Data supplied:
# # #
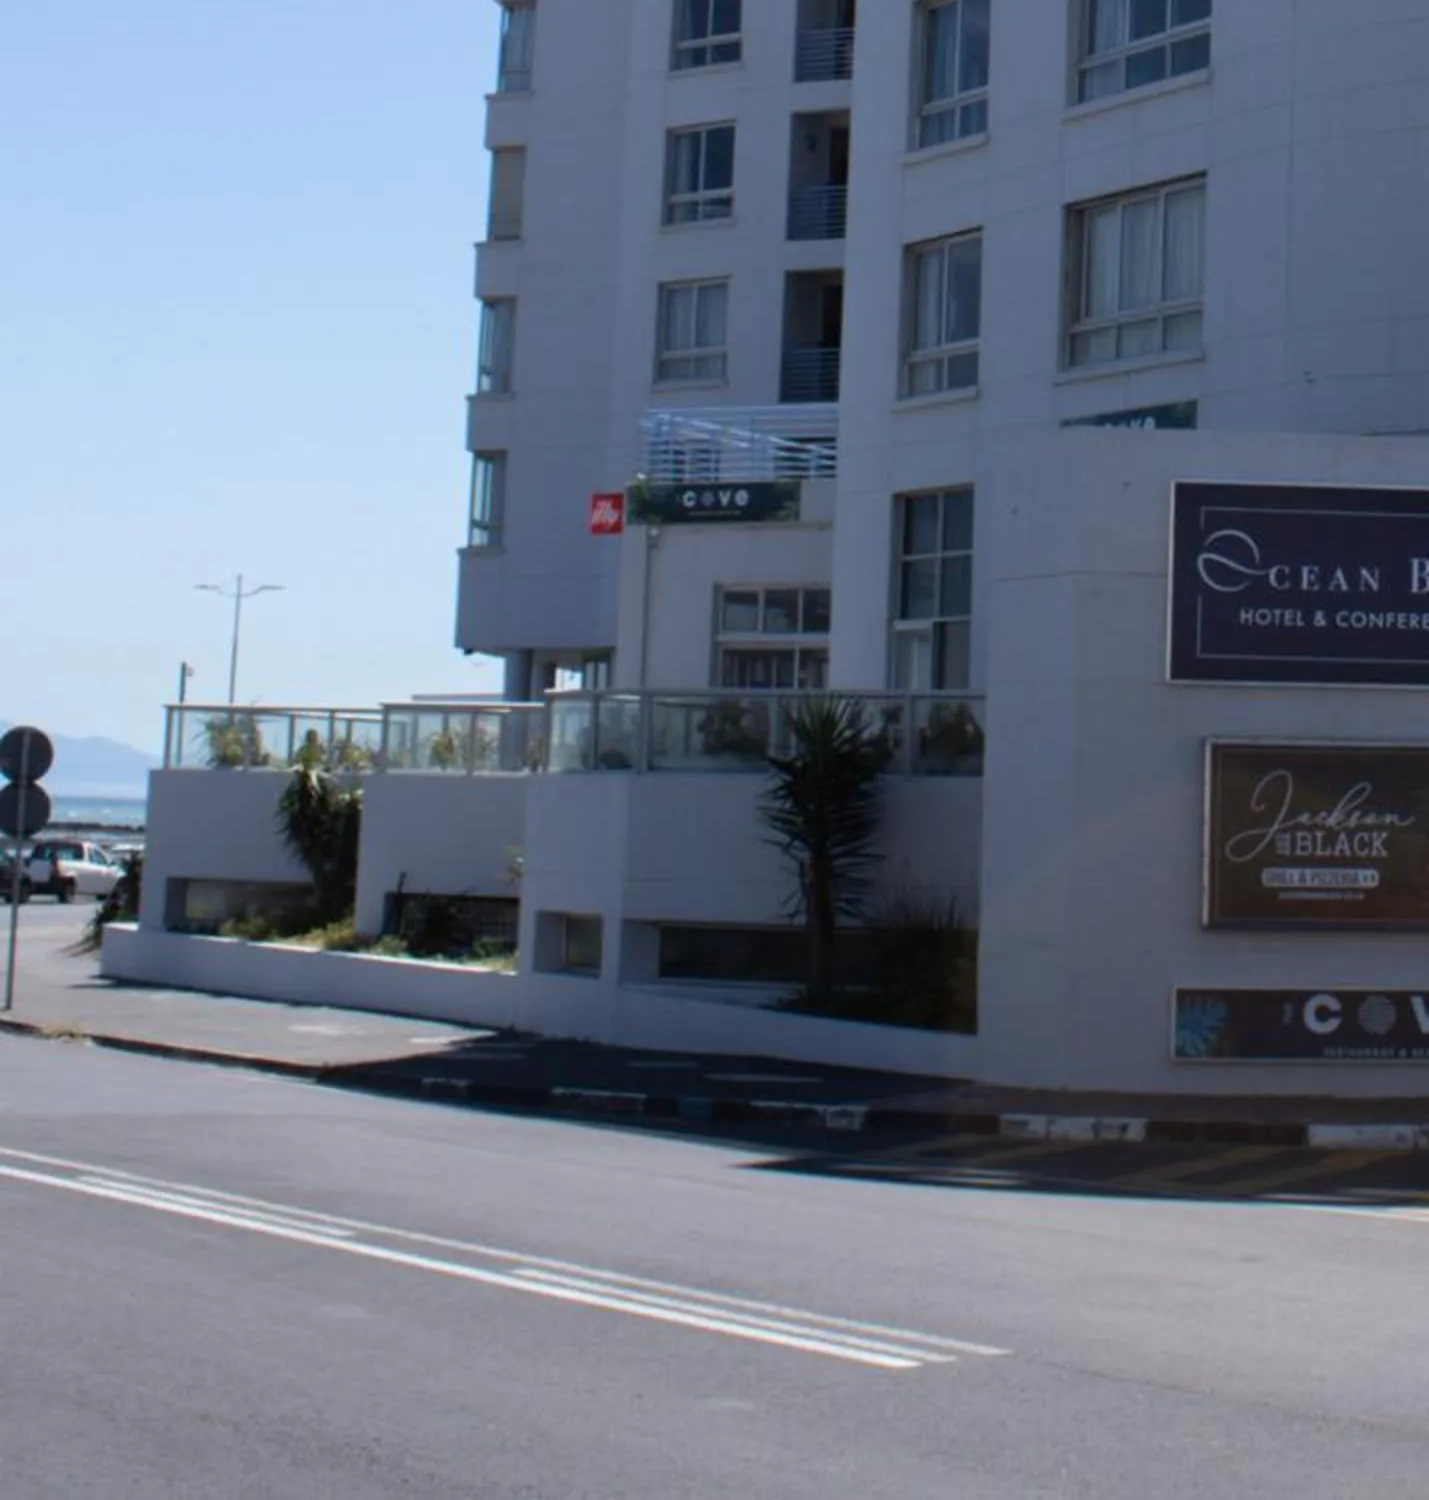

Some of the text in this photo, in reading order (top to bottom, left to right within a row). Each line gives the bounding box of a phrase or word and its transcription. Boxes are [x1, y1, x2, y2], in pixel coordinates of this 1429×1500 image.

[1239, 607, 1305, 627] HOTEL
[1312, 610, 1328, 628] &
[1225, 769, 1416, 863] Jackson
[1292, 831, 1389, 858] BLACK
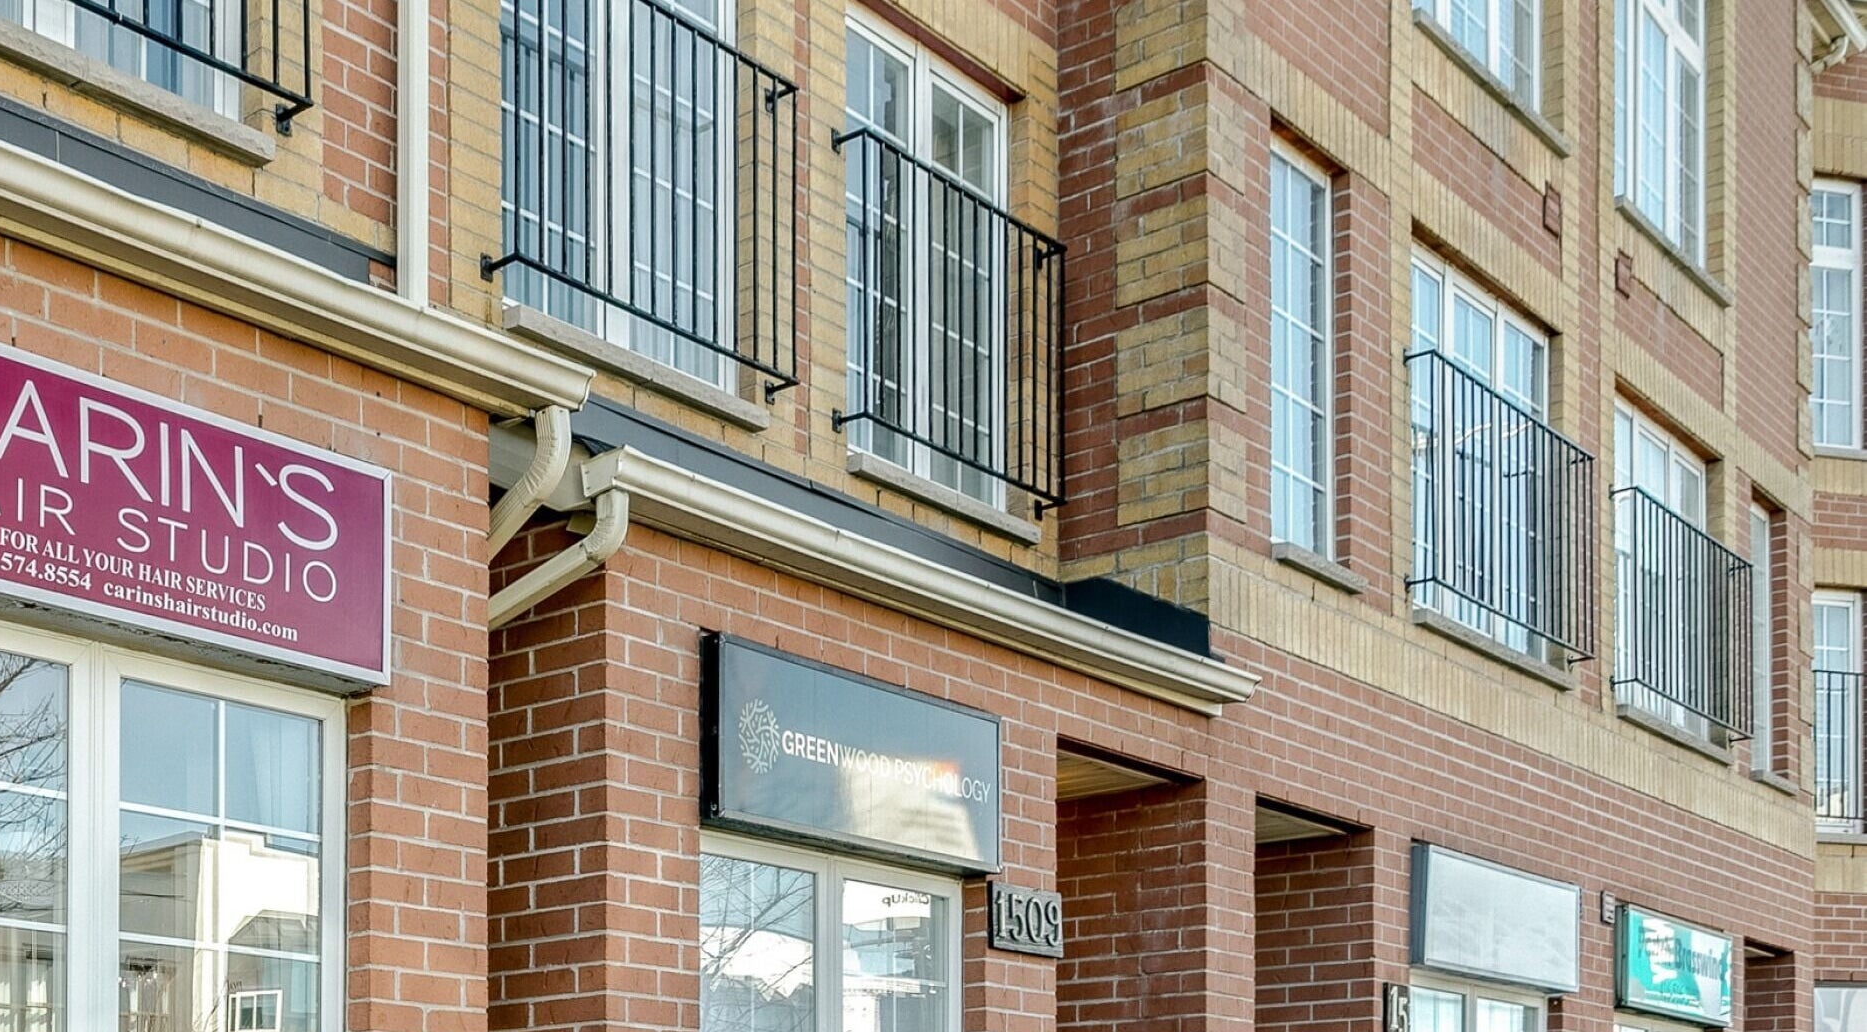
# # #
Work order: Repeat each of the entries above exactly, but do not carry over the pictures.

Answer below:
Some of the text in this photo, in reading order (top to bottom, left to right within a row). Each line gives the bounding box of a phrase or word and its transcription. Boxes are [x1, y1, x2, y2], in pixel coordinates of this 1429×1500 image.

[1239, 607, 1305, 627] HOTEL
[1312, 610, 1328, 628] &
[1225, 769, 1416, 863] Jackson
[1292, 831, 1389, 858] BLACK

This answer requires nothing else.